En ligne, on évoque un personnage difficile à saisir. Prendre le temps de dire pourquoi on aime ce qu’il écrit semble en tout cas rendre le Monsieur accessible, et enclin à prendre du sien pour causer boxe des Trente Glorieuses et d’aujourd’hui, ou choix de style en littérature comme sur le ring. Frédéric Roux dit « se méfier énormément de ses dons à l’oral », ce qui m’a valu un sacré cadeau : des réponses d’une sincérité piquante, mitonnées comme autant de textes inédits. Au final, je vous laisse apprécier le bol que j’ai eu. Et qu’importe s’il a viré des virgules de mes questions. Il y en avait trop.
130 livres : Le fil rouge de votre premier roman Lève ton gauche ! est le parcours de François, boxeur amateur du Sud-Ouest dans les années 70. C’est un intellectuel en rupture avec un héritage familial bourgeois, qui semble boxer pour différer certains choix de carrière et de vie. Son parcours reflète-t-il le vôtre ?

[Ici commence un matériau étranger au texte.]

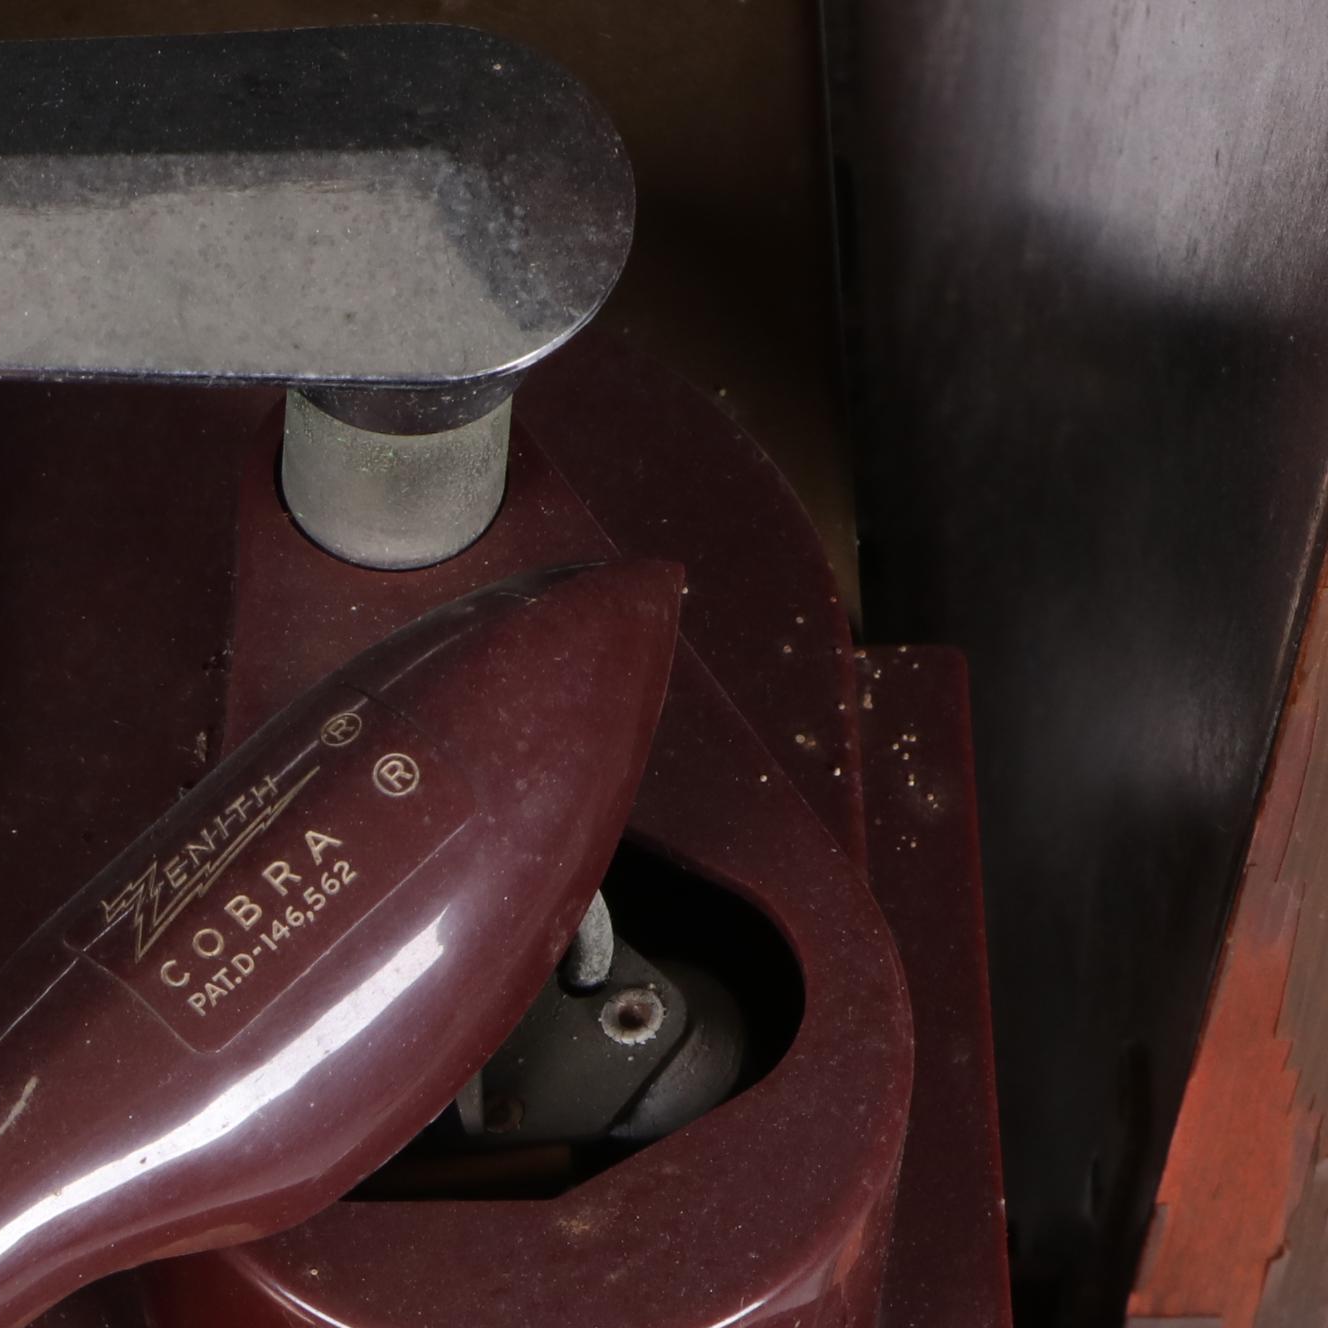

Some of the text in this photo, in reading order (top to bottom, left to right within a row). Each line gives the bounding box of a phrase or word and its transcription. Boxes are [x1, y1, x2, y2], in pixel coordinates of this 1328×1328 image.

[101, 767, 320, 965] ZENITH
[160, 830, 343, 988] COBRA
[187, 860, 358, 1017] PAT.D-146,562

Frédéric Roux : Ce n’est pas la peine de feinter, François Bovary, c’est moi, Lève ton gauche ! est le récit des années où j’ai fait de la boxe, mais c’est un livre… je ne raconte pas tout et tout ce que je raconte n’est pas « vrai », il y a des personnages imaginaires, des situations survenues ailleurs, etc. C’est la nature de la fiction, voudrait-elle coller le plus étroitement possible à la réalité. Mon héritage familial, par exemple, n’est pas aussi bourgeois que celui de François, mon étrangeté comparée à ceux qui ont été plus ou moins mes copains ces années-là, c’était mon niveau d’études… j’étais le seul à avoir le bac.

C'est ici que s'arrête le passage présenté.